WHAT YOU WILL DO →
The answer must be an exact copy of the lines from the one containing "this 1512×1344 image." through the last line of the records, with the pictures left out.

── AVAILABLE RECORDS ──

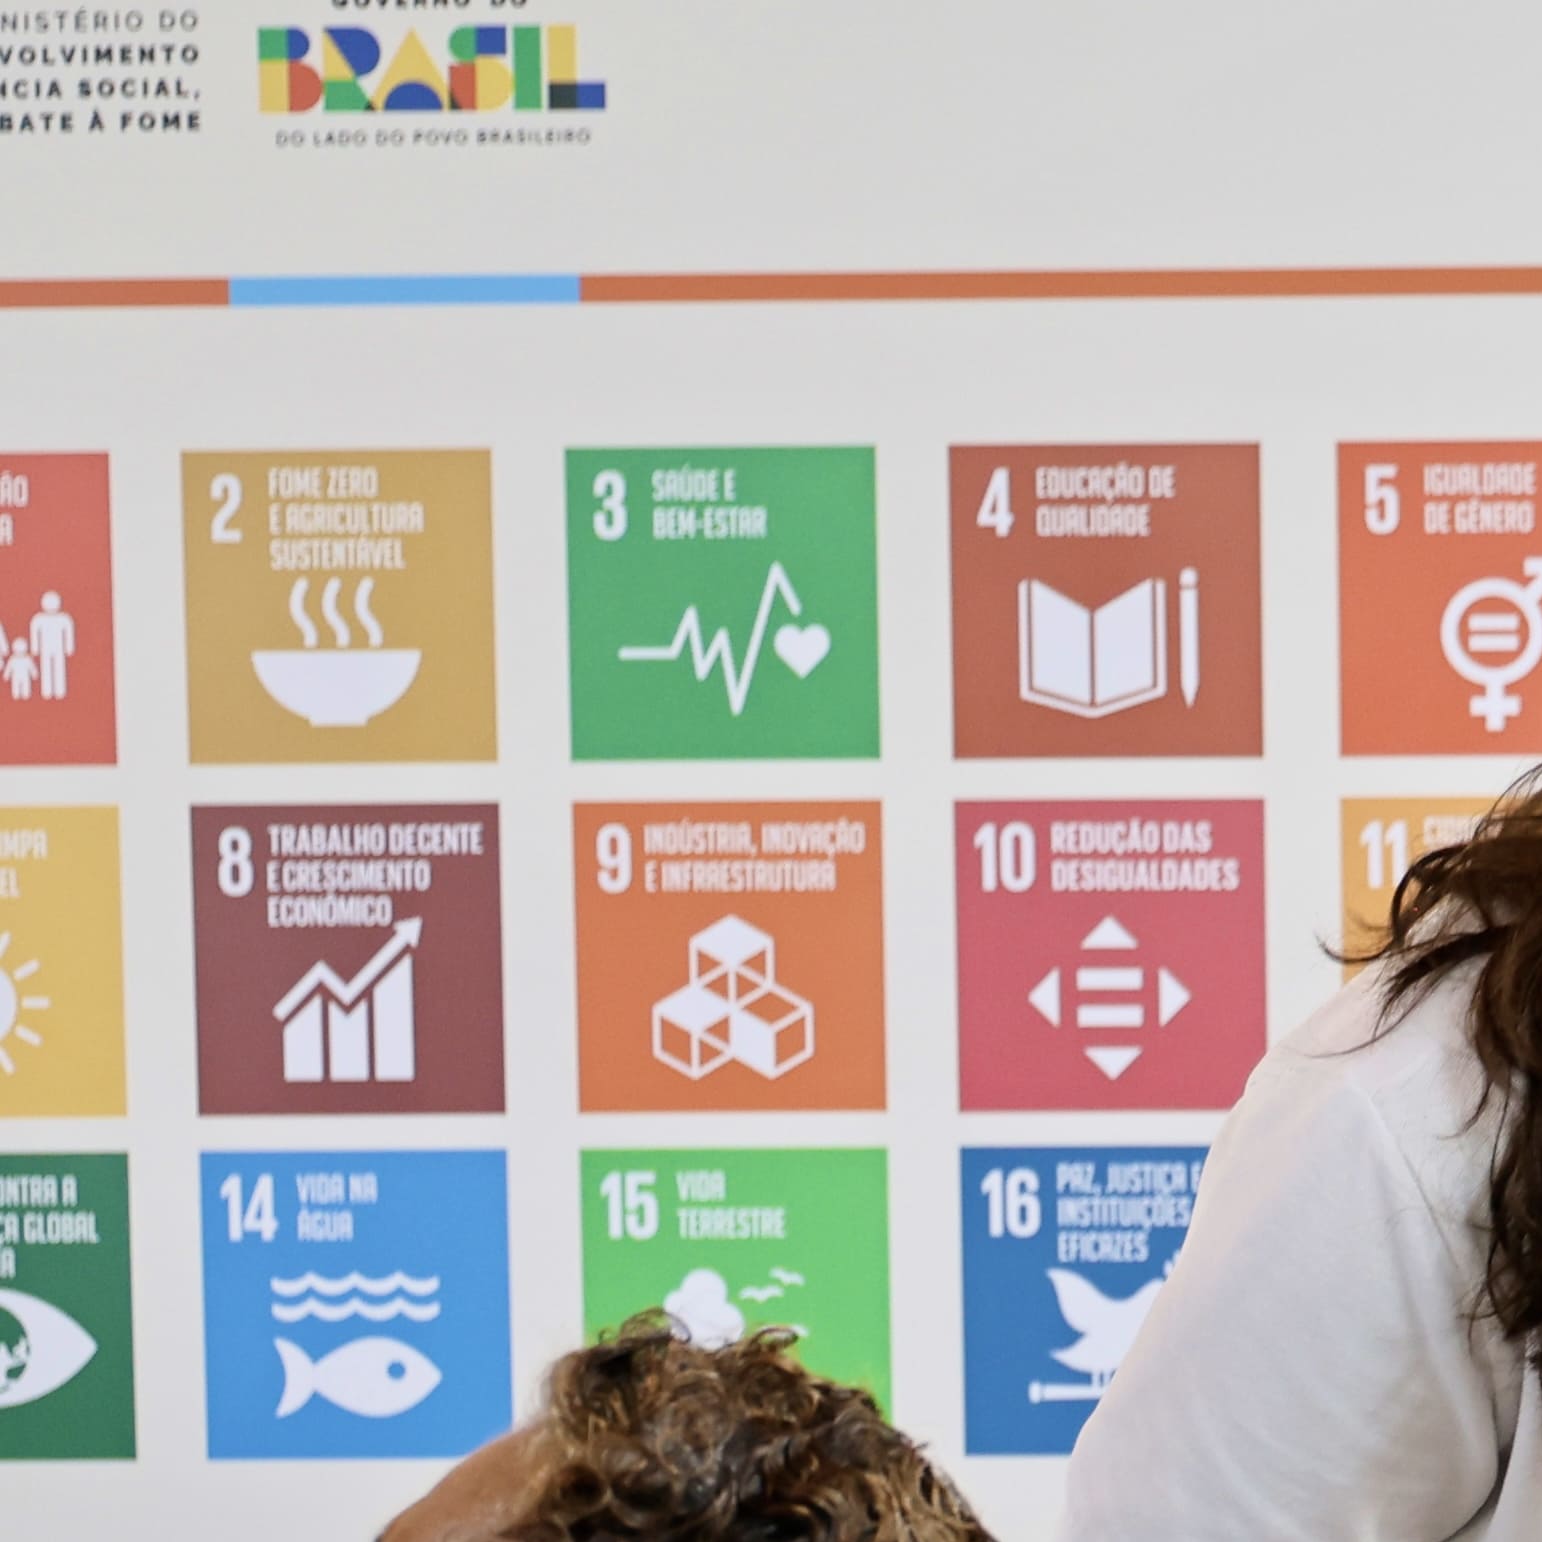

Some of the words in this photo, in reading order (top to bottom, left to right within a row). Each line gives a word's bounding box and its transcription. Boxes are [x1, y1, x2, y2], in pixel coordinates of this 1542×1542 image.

[159, 10, 198, 32] DO
[258, 23, 606, 113] BRASIL
[78, 78, 200, 100] SOCIAL,
[89, 108, 104, 132] À
[120, 111, 200, 133] FOME
[276, 131, 304, 146] DO
[314, 131, 367, 146] LADO
[376, 131, 404, 146] DO
[413, 130, 468, 146] POVO
[477, 129, 592, 146] BRASILEIRO
[268, 466, 322, 498] FOME
[327, 466, 379, 498] ZERO
[652, 463, 719, 501] SAÚDE
[724, 468, 736, 500] E
[1035, 460, 1145, 505] EDUCAÇÃO
[1149, 465, 1176, 498] DE
[1424, 462, 1537, 495] IGUALDADE
[210, 473, 243, 543] 2
[593, 469, 627, 541] 3
[977, 466, 1015, 537] 4
[1364, 464, 1400, 535] 5
[1424, 501, 1451, 534] DE
[1454, 497, 1535, 534] GÊNERO
[269, 503, 281, 535] E
[286, 502, 425, 534] AGRICULTURA
[653, 505, 768, 540] BEM-ESTAR
[1035, 504, 1150, 537] QUALIDADE
[270, 534, 405, 570] SUSTENTÁVEL
[268, 824, 385, 856] TRABALHO
[389, 822, 483, 855] DECENTE
[644, 817, 757, 857] INDÚSTRIA,
[761, 816, 866, 859] INOVAÇÃO
[1051, 817, 1160, 856] REDUÇÃO
[1163, 821, 1212, 853] DAS
[1359, 819, 1408, 889] 11
[218, 826, 253, 897] 8
[596, 823, 632, 894] 9
[974, 821, 1036, 893] 10
[267, 860, 280, 892] E
[282, 860, 431, 892] CRESCIMENTO
[645, 861, 656, 893] E
[661, 860, 836, 892] INFRAESTRUTURA
[1051, 859, 1240, 892] DESIGUALDADES
[268, 892, 392, 928] ECONÔMICO
[61, 1173, 78, 1208] A
[297, 1173, 344, 1203] VIDA
[349, 1173, 378, 1203] NA
[676, 1170, 726, 1201] VIDA
[1057, 1162, 1099, 1196] PAZ,
[1107, 1162, 1187, 1196] JUSTIÇA
[221, 1173, 278, 1242] 14
[601, 1170, 659, 1240] 15
[981, 1168, 1041, 1238] 16
[1058, 1195, 1191, 1233] INSTITUIÇÕES
[24, 1210, 100, 1244] GLOBAL
[298, 1209, 353, 1241] ÁGUA
[678, 1207, 785, 1239] TERRESTRE
[1057, 1231, 1148, 1262] EFICAZES
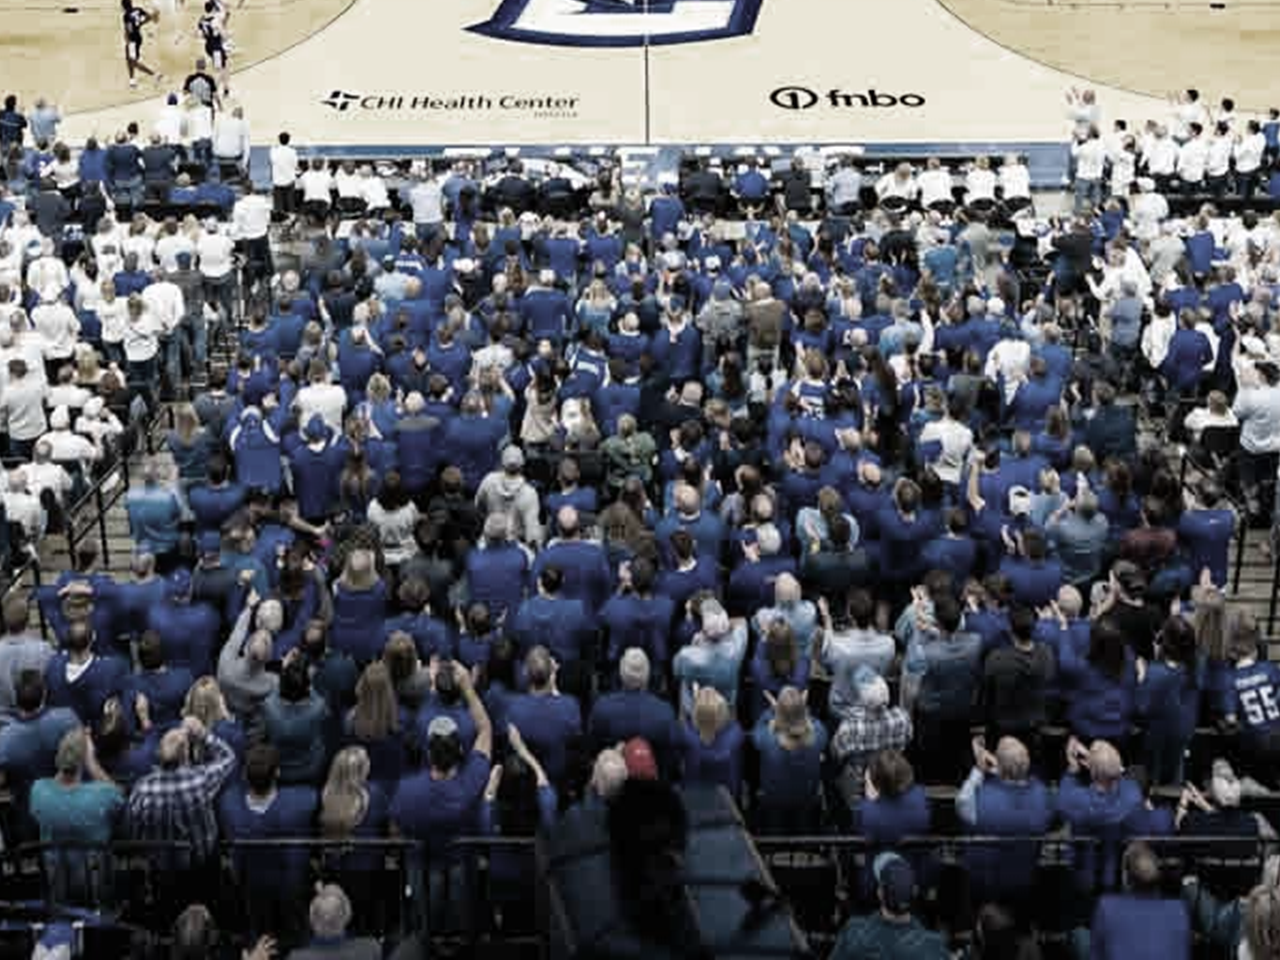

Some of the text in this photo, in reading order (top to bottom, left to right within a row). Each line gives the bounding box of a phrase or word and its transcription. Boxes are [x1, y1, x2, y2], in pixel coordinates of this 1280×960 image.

[360, 94, 580, 111] CHI Health Center
[825, 88, 926, 108] fnbo
[1239, 685, 1280, 725] 55
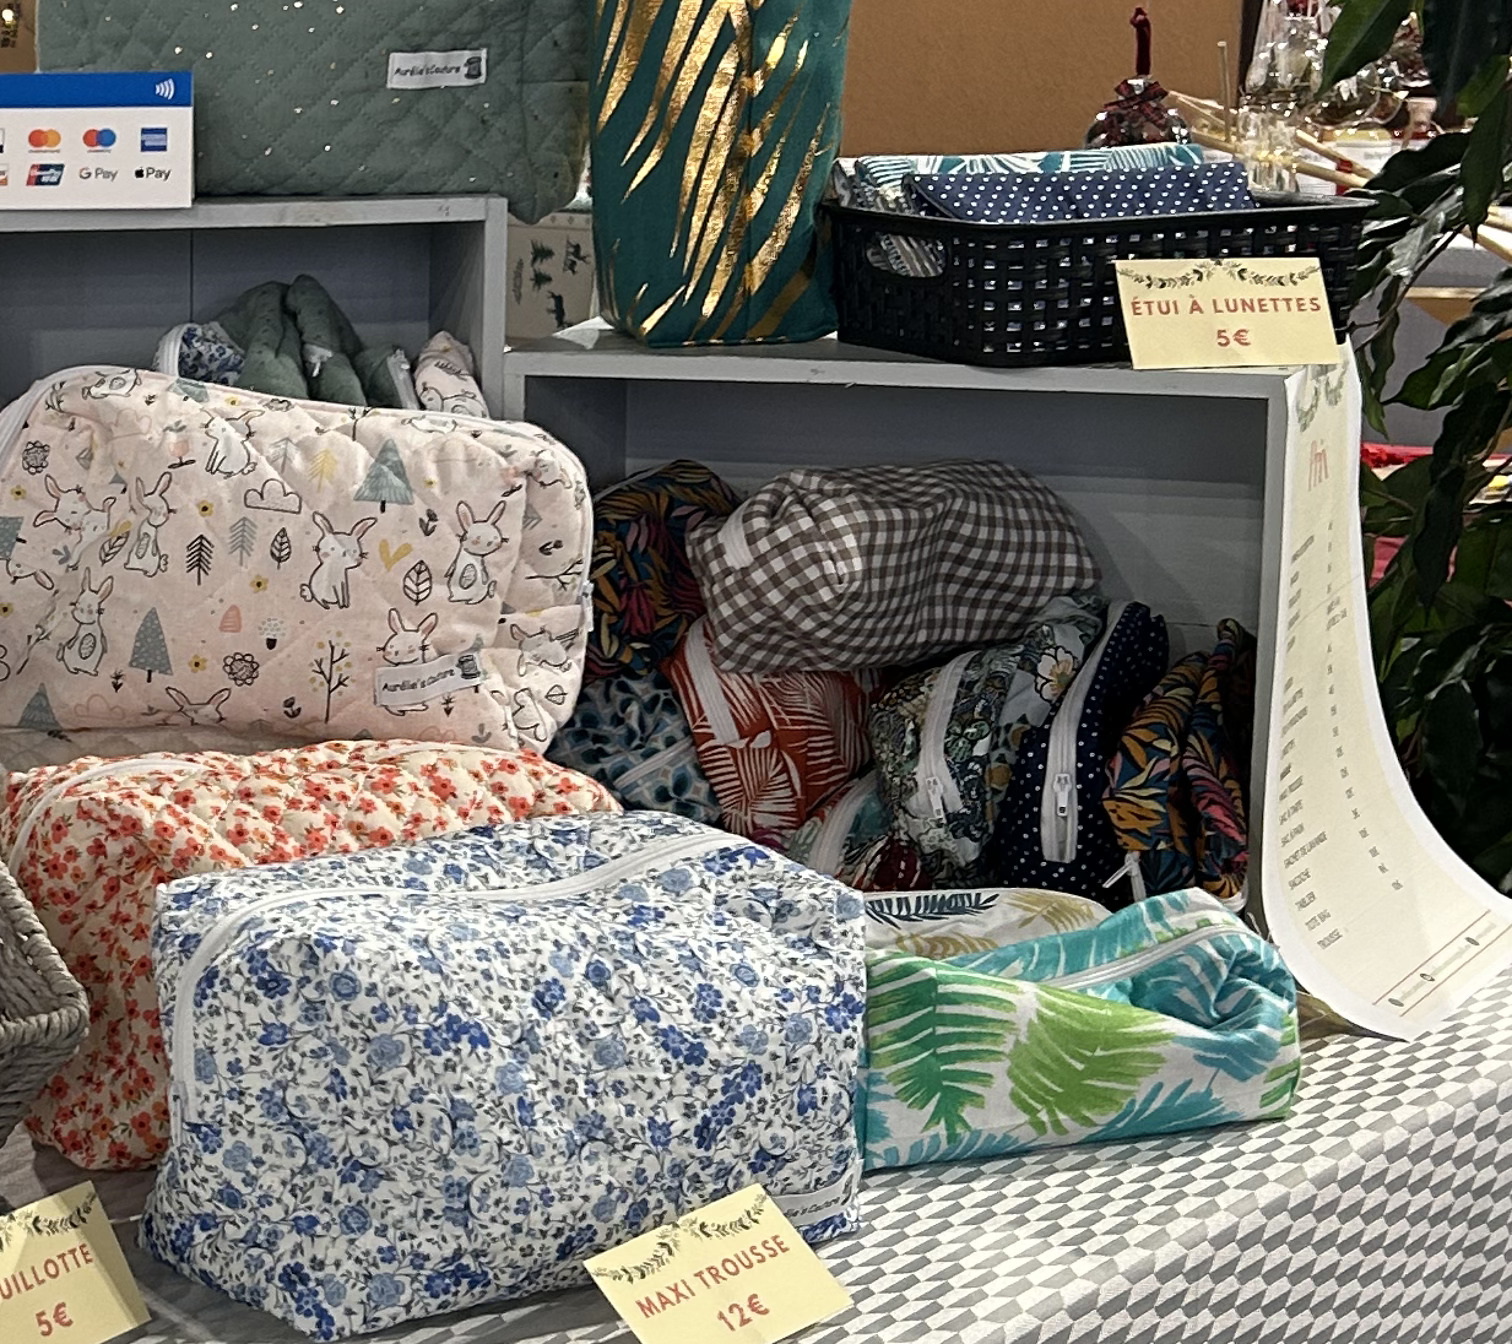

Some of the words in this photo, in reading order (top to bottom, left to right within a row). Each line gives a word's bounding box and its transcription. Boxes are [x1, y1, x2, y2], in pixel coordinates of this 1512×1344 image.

[95, 167, 118, 181] Pay
[146, 167, 171, 181] Pay
[1131, 296, 1179, 316] ÉTUI
[1189, 294, 1204, 314] À
[1212, 297, 1321, 314] LUNETTES
[1217, 329, 1251, 347] 5€
[635, 1278, 696, 1318] MAXI
[694, 1234, 790, 1289] TROUSSE
[36, 1301, 74, 1337] 5€
[717, 1293, 770, 1332] 12€
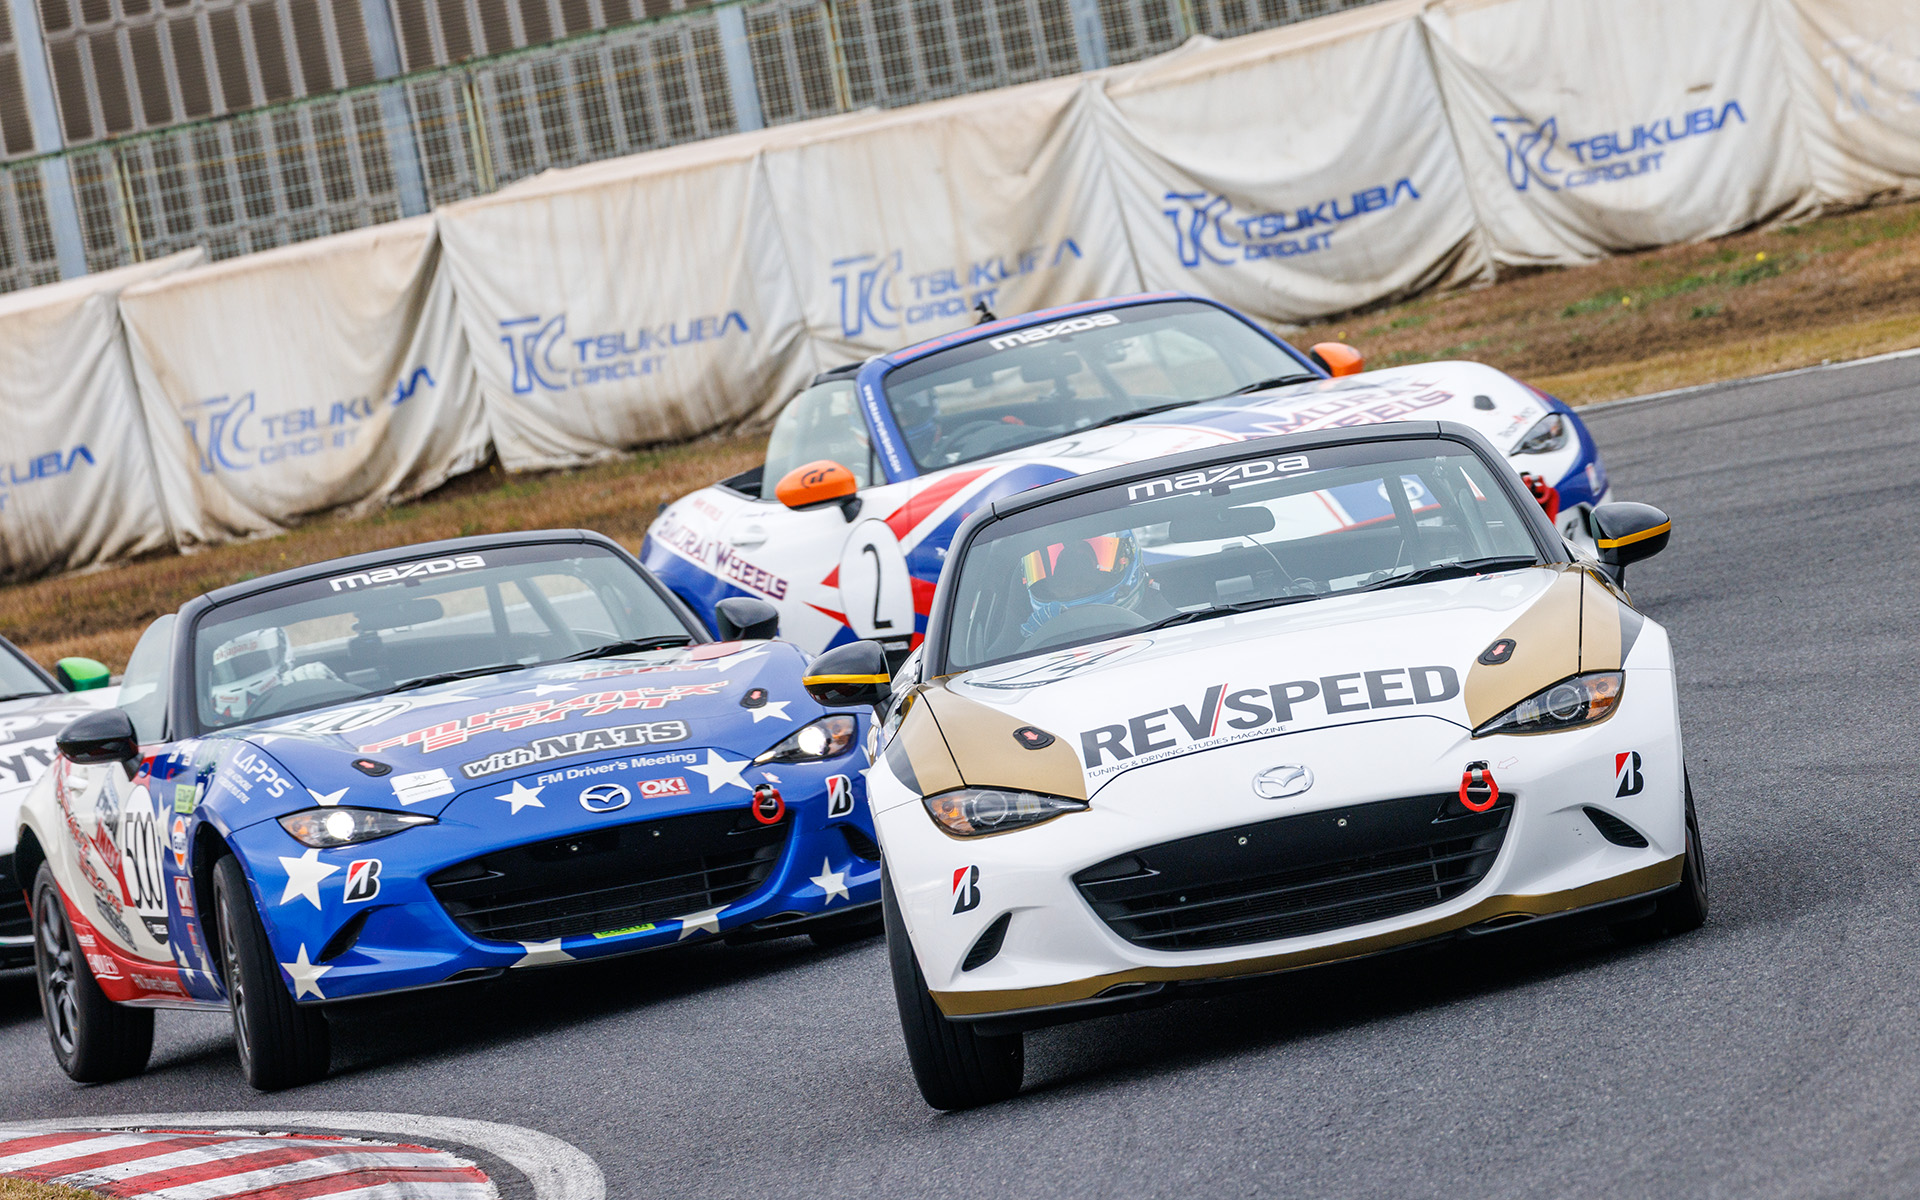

───

ANSWER TO THE PROBLEM →
Some of the words in this photo, in reading order (top to bottom, left to right within a row). Each line gives a word's bounding box and its transcription. Boxes are [x1, y1, x2, y2], in pixel coordinates of this 1512×1344 image.

[95, 167, 118, 181] Pay
[146, 167, 171, 181] Pay
[1131, 296, 1179, 316] ÉTUI
[1189, 294, 1204, 314] À
[1212, 297, 1321, 314] LUNETTES
[1217, 329, 1251, 347] 5€
[635, 1278, 696, 1318] MAXI
[694, 1234, 790, 1289] TROUSSE
[36, 1301, 74, 1337] 5€
[717, 1293, 770, 1332] 12€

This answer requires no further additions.